11 ноября 1915 года он отказался от своей ничего не значащей должности, объяснив в письме Асквиту, что не «хочет тратить время на пребывание в хорошо оплачиваемом бездействии». Сообщение о его отставке появилось в газетах, наряду с сообщением о том, что он едет воевать во Францию. Перед отъездом он получил письмо от Мюриэль Уилсон. Простое, но сердечное послание. Она заканчивала его словами: «Мне просто хотелось сказать, как я восхищаюсь твоей храбростью».
Война оставила многих ранеными и искалеченными. Черчилль получил только карьерную травму. Можно было сказать, что ему повезло. Но тогда он не мог знать, зарубцуется ли эта рана когда-нибудь, и позволит ли она вновь вернуться к любимому делу. Он был настолько уверен в себе, его взлет был таким стремительным, что он не успел подготовиться к возможному падению. Вариантов для выбора теперь открывалось не так много. В мирное время он мог бы обратиться к народу за поддержкой, объяснив случившееся в своих выступлениях и через статьи в газетах. Но во время войны добиваться своих целей подобным образом было бы недостойно. Его не только отстранили от власти, но при этом он еще был вынужден молчать, по крайней мере, какое-то время.
Это был неожиданный поворот судьбы, которая прежде предоставляла на выбор богатые возможности. Пока шла война, он мог взлететь, поднимаясь все выше и выше, надеясь, что найдется сила, которая удержит его падение. Как герой мирного времени, он был готов пережить не одну политическую смерть, зная, что поднимется и будет сражаться вновь. Но на этот раз война сделала его павшим героем, без всякой надежды вернуться на прежнее место. Оставалось только вступить в реальную битву во Франции, где смерть всегда ходила рядом. Уинстон мог бы написать о своей трагической политической неудаче в духе Байрона, но он вдруг понял, что не желает ставить точку в конце главы, и предпочитает либо сражаться, либо умереть.
Не утешал его и пример собственного отца — лорда Рэндольфа, которому никогда не удавалось на исходе третьего десятилетия своей жизни восстановить собственную карьеру после падения с властного олимпа. В какой-то степени Уинстон не мог избавиться от преследовавшей его мысли: а не повторяет ли он семейную трагедию? Отец умирал очень долго и мучительно. Что если траншеи тоже предоставят ему такую возможность?
В середине ноября Черчилли устроили небольшой прием, чтобы друзья могли попрощаться с Уинстоном.
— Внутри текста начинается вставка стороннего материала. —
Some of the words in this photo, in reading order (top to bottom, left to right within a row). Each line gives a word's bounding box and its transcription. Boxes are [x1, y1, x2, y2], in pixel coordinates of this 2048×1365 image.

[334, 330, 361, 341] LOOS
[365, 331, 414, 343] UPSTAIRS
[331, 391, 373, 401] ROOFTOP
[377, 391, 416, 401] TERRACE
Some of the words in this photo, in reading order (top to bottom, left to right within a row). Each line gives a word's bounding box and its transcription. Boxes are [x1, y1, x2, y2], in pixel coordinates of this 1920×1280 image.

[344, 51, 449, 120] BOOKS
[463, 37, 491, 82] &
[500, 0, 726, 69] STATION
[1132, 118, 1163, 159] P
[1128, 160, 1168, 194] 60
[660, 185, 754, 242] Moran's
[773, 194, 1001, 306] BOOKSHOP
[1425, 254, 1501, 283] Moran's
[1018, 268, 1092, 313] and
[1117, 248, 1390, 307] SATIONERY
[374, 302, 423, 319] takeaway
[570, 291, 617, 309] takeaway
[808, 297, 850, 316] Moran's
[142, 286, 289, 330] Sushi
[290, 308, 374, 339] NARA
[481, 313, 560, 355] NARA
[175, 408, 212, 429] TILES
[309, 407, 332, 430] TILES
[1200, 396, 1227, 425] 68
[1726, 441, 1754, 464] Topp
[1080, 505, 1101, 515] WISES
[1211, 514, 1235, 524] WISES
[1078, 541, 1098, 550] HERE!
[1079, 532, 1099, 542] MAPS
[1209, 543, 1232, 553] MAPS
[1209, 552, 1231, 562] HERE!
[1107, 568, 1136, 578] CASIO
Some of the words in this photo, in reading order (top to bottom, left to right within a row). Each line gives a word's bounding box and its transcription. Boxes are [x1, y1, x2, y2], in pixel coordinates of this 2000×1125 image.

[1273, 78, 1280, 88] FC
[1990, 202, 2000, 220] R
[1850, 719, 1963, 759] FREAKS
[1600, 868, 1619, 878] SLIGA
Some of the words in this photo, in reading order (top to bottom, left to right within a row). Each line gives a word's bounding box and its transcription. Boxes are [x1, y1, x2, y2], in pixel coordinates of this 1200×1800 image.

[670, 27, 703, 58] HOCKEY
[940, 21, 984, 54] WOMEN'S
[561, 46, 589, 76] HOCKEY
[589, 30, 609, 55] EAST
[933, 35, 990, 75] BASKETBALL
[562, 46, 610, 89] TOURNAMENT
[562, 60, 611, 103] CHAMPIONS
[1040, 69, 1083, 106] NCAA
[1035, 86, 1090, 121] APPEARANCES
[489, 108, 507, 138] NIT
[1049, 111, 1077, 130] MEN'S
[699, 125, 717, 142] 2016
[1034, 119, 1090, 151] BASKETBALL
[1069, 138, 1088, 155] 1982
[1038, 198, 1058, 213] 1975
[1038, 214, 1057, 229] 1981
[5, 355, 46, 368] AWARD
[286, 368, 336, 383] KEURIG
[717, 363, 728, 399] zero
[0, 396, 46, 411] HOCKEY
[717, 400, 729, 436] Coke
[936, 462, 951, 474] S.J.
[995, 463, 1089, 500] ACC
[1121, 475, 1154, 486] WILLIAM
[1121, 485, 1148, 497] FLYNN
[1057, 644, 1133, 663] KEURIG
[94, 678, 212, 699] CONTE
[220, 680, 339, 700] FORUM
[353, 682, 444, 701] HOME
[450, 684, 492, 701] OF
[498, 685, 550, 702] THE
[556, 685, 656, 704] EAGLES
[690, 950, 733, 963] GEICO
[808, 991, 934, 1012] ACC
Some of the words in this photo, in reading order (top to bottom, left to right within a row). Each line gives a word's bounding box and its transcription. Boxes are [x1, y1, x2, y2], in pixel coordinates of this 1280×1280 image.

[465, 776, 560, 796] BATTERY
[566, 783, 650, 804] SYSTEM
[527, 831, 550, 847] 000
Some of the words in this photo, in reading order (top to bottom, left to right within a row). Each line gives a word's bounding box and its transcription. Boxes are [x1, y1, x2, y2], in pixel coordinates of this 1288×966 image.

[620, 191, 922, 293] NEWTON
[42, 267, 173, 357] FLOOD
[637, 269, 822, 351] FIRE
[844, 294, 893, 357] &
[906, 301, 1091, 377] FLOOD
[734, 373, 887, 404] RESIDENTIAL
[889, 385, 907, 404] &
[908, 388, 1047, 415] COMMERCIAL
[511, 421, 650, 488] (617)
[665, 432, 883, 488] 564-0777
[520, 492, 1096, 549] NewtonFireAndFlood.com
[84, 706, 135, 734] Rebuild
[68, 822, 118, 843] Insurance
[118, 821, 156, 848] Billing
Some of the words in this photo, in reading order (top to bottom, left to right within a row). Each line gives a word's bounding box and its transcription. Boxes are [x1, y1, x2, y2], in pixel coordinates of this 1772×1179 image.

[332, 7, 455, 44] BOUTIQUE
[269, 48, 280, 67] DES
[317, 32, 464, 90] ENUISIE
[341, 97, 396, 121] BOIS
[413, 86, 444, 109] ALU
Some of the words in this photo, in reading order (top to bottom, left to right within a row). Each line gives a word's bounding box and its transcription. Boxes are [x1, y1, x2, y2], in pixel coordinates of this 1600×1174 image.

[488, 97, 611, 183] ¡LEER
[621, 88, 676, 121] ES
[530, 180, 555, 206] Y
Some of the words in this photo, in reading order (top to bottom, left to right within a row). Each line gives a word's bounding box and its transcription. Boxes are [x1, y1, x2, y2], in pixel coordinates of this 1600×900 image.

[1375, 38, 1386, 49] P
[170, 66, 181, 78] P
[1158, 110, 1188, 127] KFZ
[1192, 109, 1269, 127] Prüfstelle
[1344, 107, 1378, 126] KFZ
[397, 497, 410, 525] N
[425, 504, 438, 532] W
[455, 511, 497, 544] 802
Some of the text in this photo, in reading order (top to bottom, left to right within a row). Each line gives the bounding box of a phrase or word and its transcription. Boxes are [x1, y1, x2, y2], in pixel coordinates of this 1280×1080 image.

Клемми прилагала все силы, чтобы не расплакаться. Эдди Марш даже не пытался сдержать слез. Дженни тоже была печальна, но и одновременно сердилась, что ее «гениальный сын» вынужден отправляться в окопы. К удивлению Уинстона, пришли Марго и Вайолет. Генри не пришел. На столе стояла еда и напитки. Уинстон облачился в военную форму и обещал писать.
Его звезда настолько померкла, что он не верил, будто что-то может еще больше испортить его репутацию. Что-то в нем было от азартного игрока, который готов снова и снова бросать кости, ставя на кон все, ради того, чтобы дать удаче шанс повернуться к нему лицом. Он подготовил письмо, которое должны были передать Клемми: «в случае моей смерти». Он написал его раньше, еще летом. В нем шла речь о страховании и других финансовых делах. Но заканчивал Уинстон словами о том, что было настоящей ценностью в его жизни, что особенно стало очевидно теперь, когда громы и молнии уже отгремели и отсверкали, а у него за спиной остались его сорок лет. Его слова звучали как голос призрака, заговорившего с Клемми в тот момент, когда история подошла к концу, и уже нет возможности дописать еще одну главу.